Example of defining an SPM:
// Type marked with `proc_macro_state` must have one and only one method
// marked with `proc_macro_init`/`proc_macro_finalize`.
#[proc_macro_state]
pub struct DistributedSlice { ... }
impl DistributedSlice {
#[proc_macro_init]
pub fn init(ts: TokenStream) -> Self { ... }
/// Push new entry to the distributed slice and return its position.
#[proc_macro_method]
pub fn push_ds_entry(&mut self, ts: TokenStream) -> TokenStream { ... }
/// Returns token stream for accumulated slice.
#[proc_macro_finalize]
pub fn finalize(self) -> TokenStream { ... }
}
#[proc_macro_method]
, #[proc_macro_init]
, and #[proc_macro_finalize]
attrributes can be used only on inherent methods of a type marked with #[proc_macro_state]
.
Downstream crates can use this SPM to create statics:
use distributed_slice::DistributedSlice;
pub use distributed_slice::push_ds_entry;
// `DistributedSlice::init` will be called with token stream equal to `&[u64]`
#[DistributedSlice]
pub static U64_LIST: &[u64];
// The macro evaluates to `0`.
// With postfix macros we could write it as `U64_LIST.push_ds_entry!(13)`.

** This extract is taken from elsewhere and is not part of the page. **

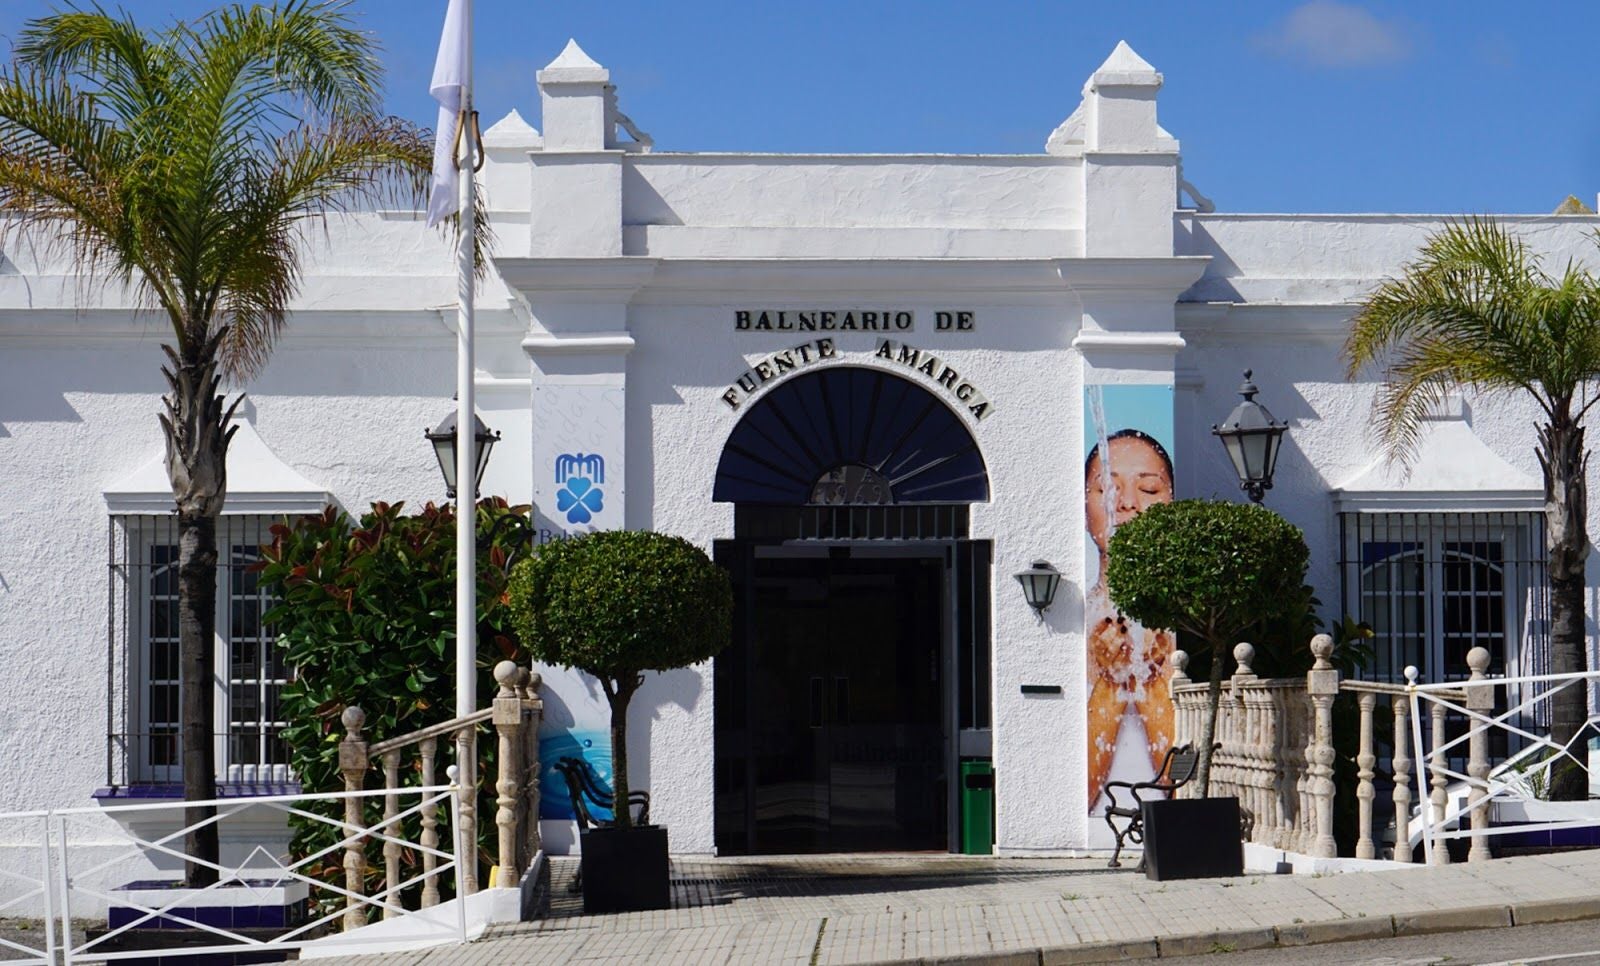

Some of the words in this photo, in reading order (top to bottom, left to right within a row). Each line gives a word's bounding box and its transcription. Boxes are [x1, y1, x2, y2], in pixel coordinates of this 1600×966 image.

[735, 311, 912, 331] BALNEARIO
[936, 311, 974, 330] DE
[722, 338, 836, 409] FUENTE
[875, 339, 992, 421] AMARGA

const IDX13: usize = push_ds_entry!(U64_LIST, 13);
fn foo() {
// The macro evaluates to `1`.
let idx42: usize = push_ds_entry!(U64_LIST, 42);
}
push_ds_entry
can be used only with statics attributed with associated procedural macro.

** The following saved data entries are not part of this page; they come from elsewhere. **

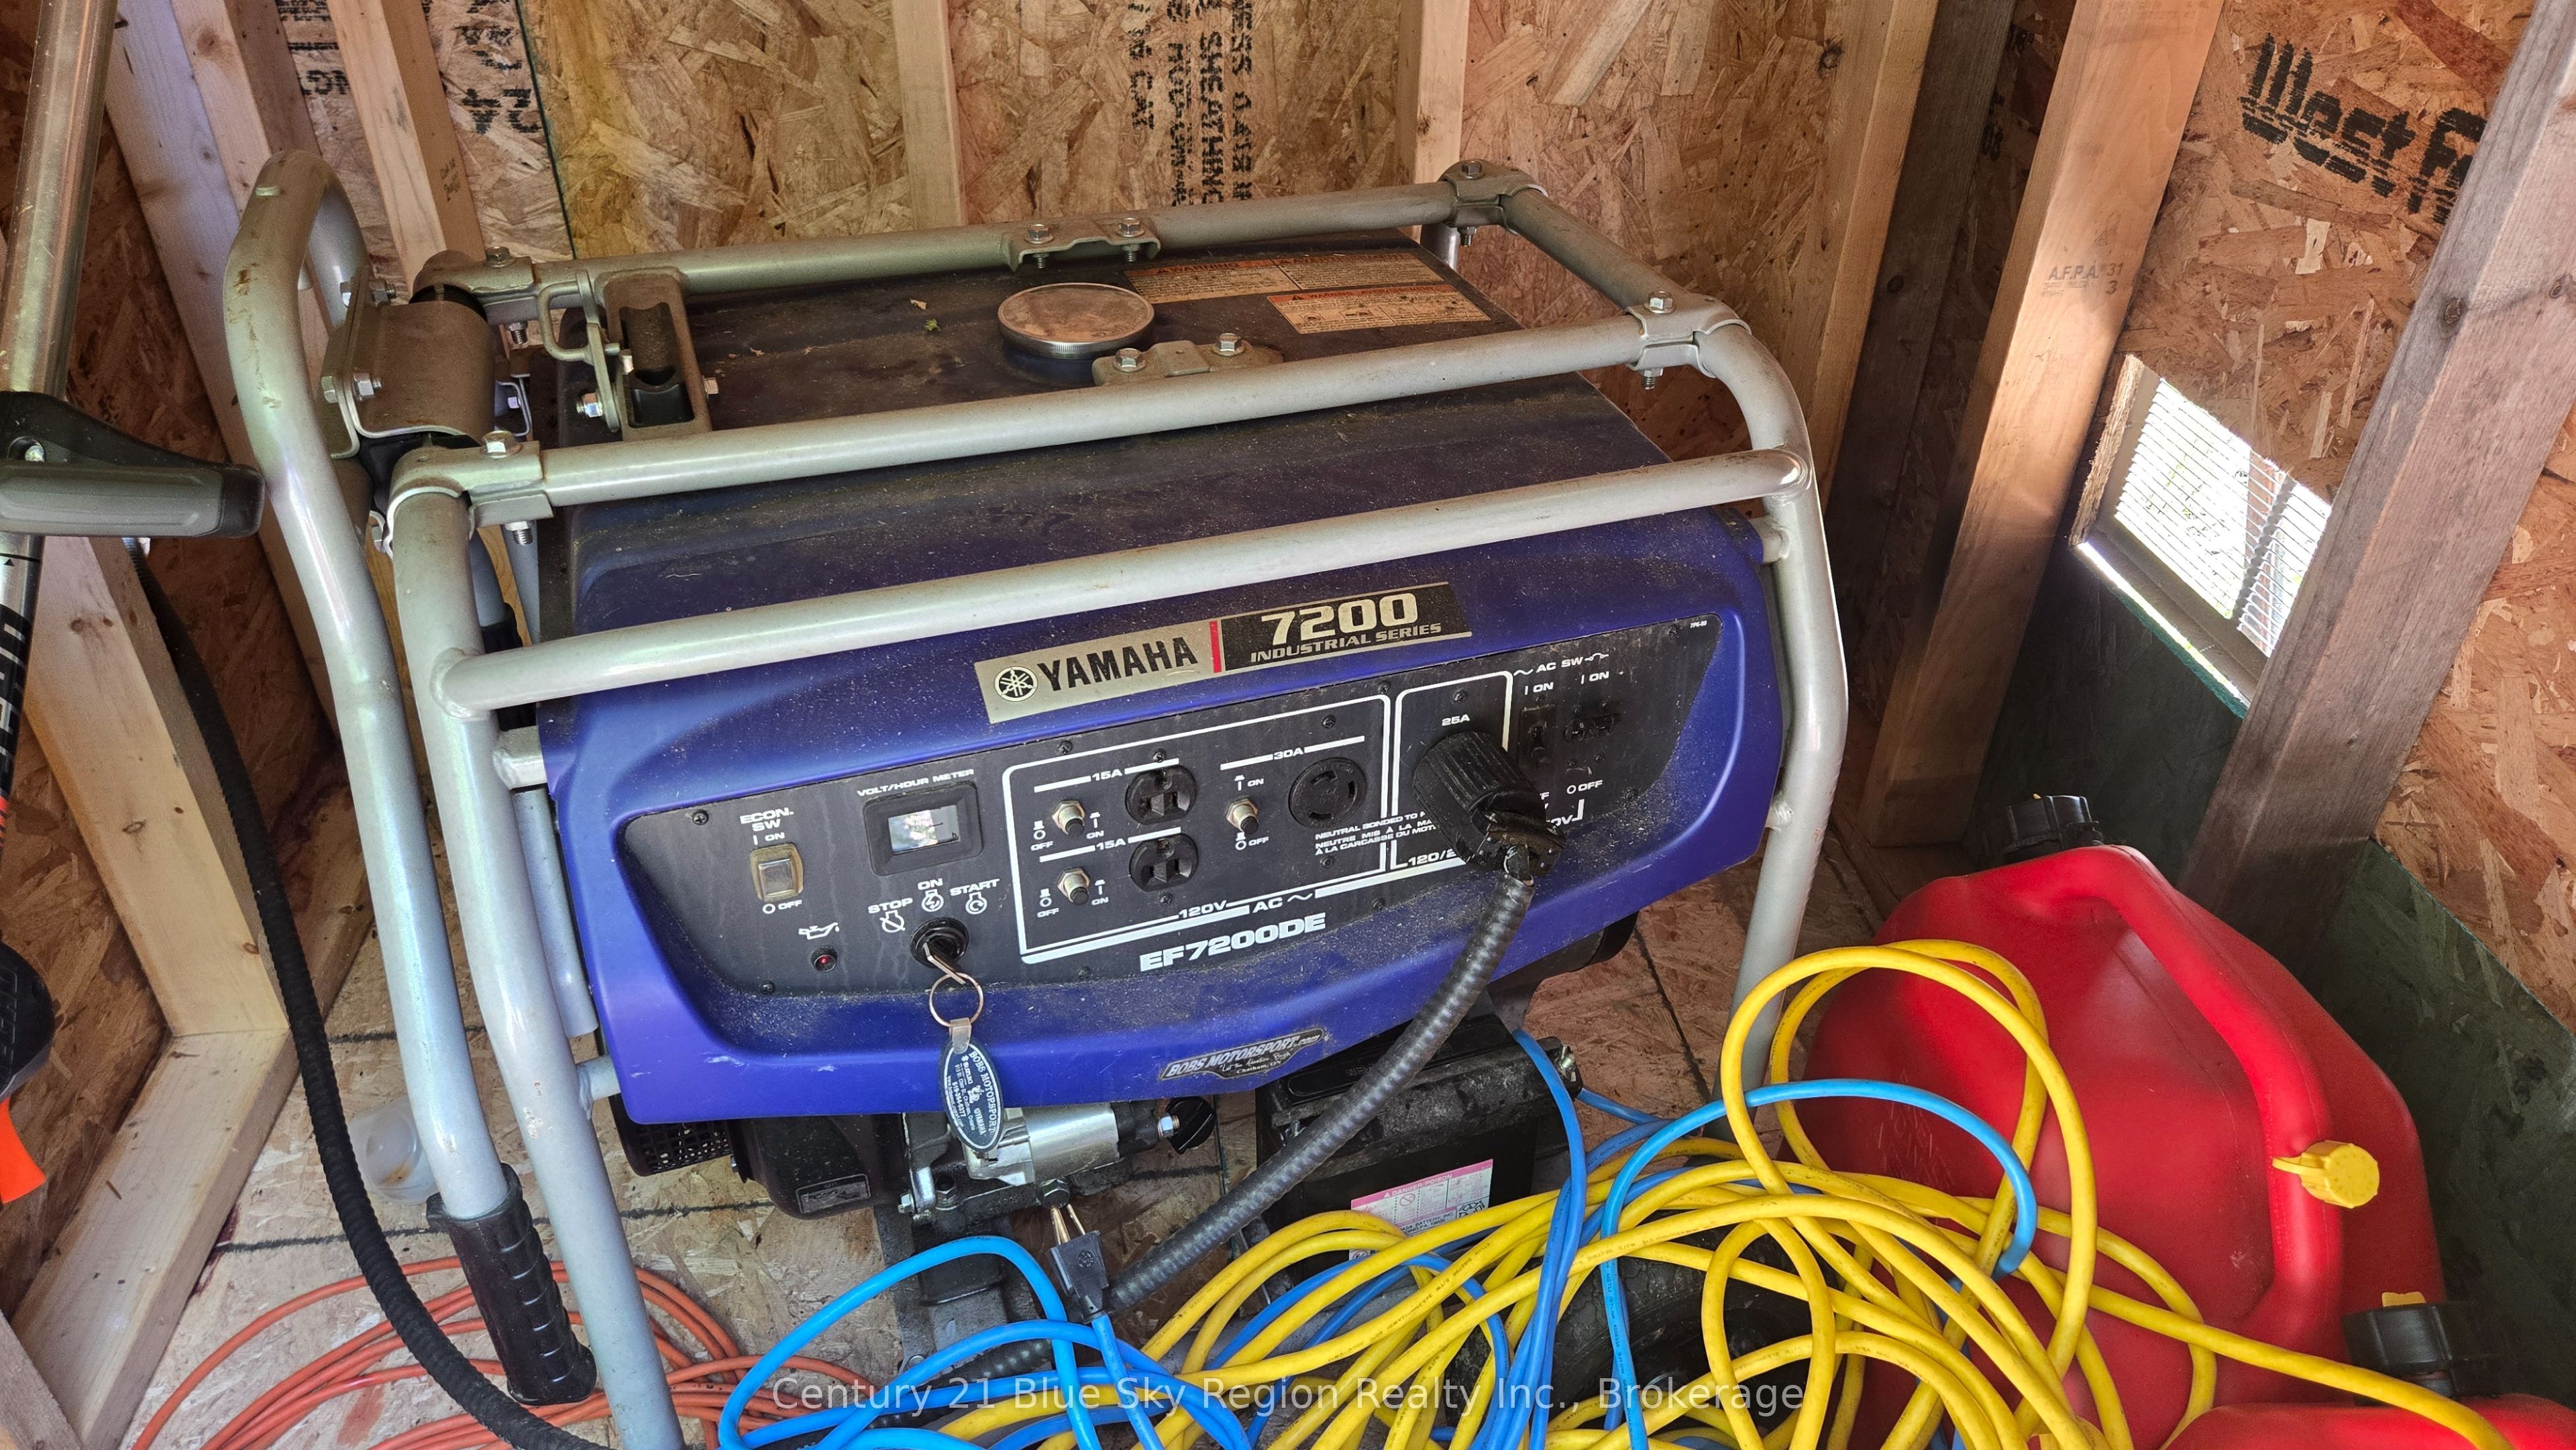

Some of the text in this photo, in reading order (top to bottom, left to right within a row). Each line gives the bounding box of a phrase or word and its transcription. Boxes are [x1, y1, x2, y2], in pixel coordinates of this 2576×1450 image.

[1260, 591, 1419, 646] 7200
[1250, 621, 1442, 663] INDUSTRIAL SERIES
[1038, 636, 1199, 691] YAMAHA
[1536, 656, 1584, 674] AC SW
[1589, 671, 1609, 682] ON
[1533, 682, 1554, 693] ON
[1442, 714, 1470, 726] 25A
[1273, 747, 1305, 761] 30A
[857, 769, 975, 797] VOLT/HOUR METER
[1093, 769, 1123, 782] 15A
[1247, 777, 1264, 786] ON
[1578, 779, 1603, 792] OFF
[740, 808, 794, 825] ECON.
[752, 819, 781, 831] SW
[1315, 826, 1360, 840] NEUTRAL
[1362, 816, 1403, 830] BONDED
[1405, 813, 1417, 821] TO
[765, 832, 785, 842] ON
[1086, 830, 1104, 839] ON
[1248, 836, 1269, 846] OFF
[1315, 835, 1356, 849] NEUTRE
[1362, 829, 1381, 839] MIS
[1399, 821, 1412, 831] LA
[1340, 832, 1394, 850] CARCASSE
[1396, 829, 1409, 838] DU
[1030, 841, 1054, 851] OFF
[1096, 839, 1126, 851] 15A
[918, 878, 943, 891] ON
[950, 878, 1000, 896] START
[778, 900, 802, 911] OFF
[868, 897, 913, 915] STOP
[1091, 896, 1109, 906] ON
[1178, 897, 1283, 919] 120V AC
[1037, 908, 1059, 918] OFF
[1140, 913, 1326, 972] EF7200DE
[963, 1062, 974, 1085] SUZUKI
[1165, 1058, 1208, 1078] BOBS
[969, 1051, 997, 1133] BOBS MOTORSPORT
[976, 1112, 987, 1135] YAMAHA

If static associated with an SPM is public, it can be manipulated in other downstream crates:
use u64_list::{U64_LIST, push_ds_entry};
// The macro evaluates to `2`.
const IDX64: usize = push_ds_entry!(U64_LIST, 64);
If no other crates push entries to U64_LIST
, it will evaluate to &[13, 42, 64]
when compilation finishes.
Order of execution of SPM methods is deterministically random if codegen-units
is equal to 1 and random otherwise.
SPMs can be used to create not only slices, but other complex static types, e.g. they can be used to implement static distributed perfect hash tables.
Low-level implementation
Procedural macro crates compile down to shared libraries (in future it may be WASM modules). When compiler encounters an SPM static, it calls associated initialization function which creates heap-allocated SPM state protected by mutex. The static itself is handled like an extern
static.
When compiler encounters SPM method "call", it calls associated method from the shared library. This method locks associated SPM state, executes the method's code, unlocks the state, and returns TokenStream
which gets pasted into the compiled crate. If codegen-units
is not equal to 1, then we get race condition and order of SPM method calls may change between different compilation runs.

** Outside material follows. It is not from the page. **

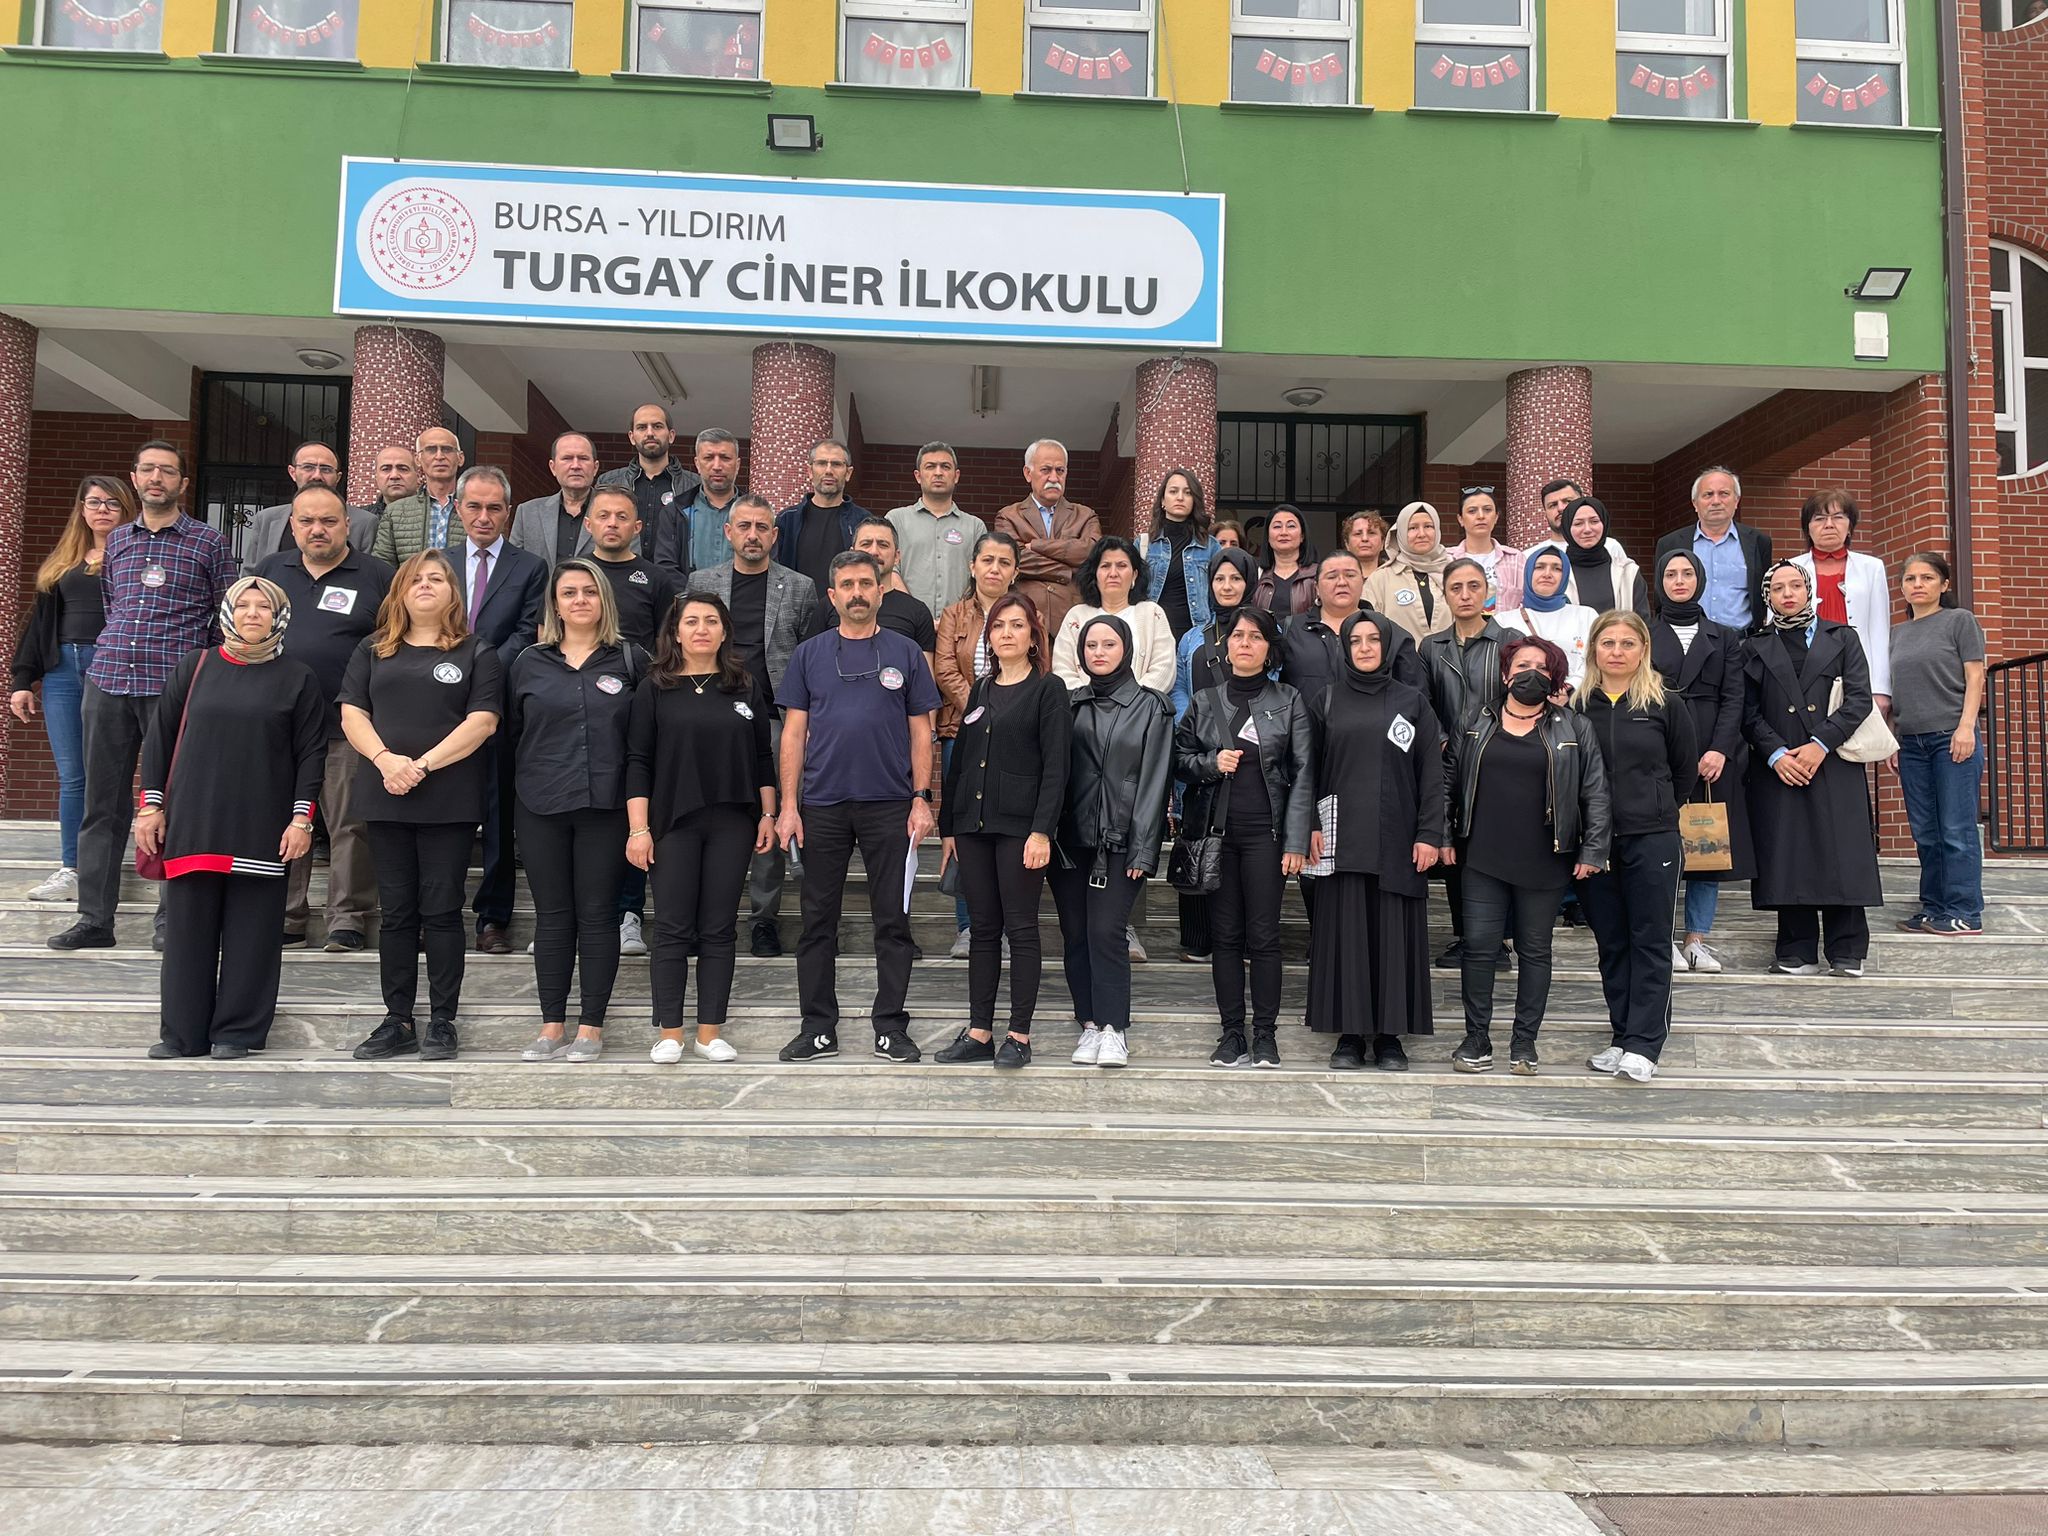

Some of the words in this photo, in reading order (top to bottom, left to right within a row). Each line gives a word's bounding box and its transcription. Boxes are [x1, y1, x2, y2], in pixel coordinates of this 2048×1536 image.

After all crates have been compiled, compiler finalizes all SPMs by calling associated finalization methods. Based on resulting token streams compiler generates statics and links them against the rest of the project.
Unresolved questions
- Interaction with incremental compilation. Compiler would need to cache SPM states for parts of compilation tree.
- How postfix macro syntax would work with SPMs? Do we need to explicitly import "method" macros?
- Interaction with cross-compilation.
- Maybe we should not tie SPM to statics? How would it work otherwise?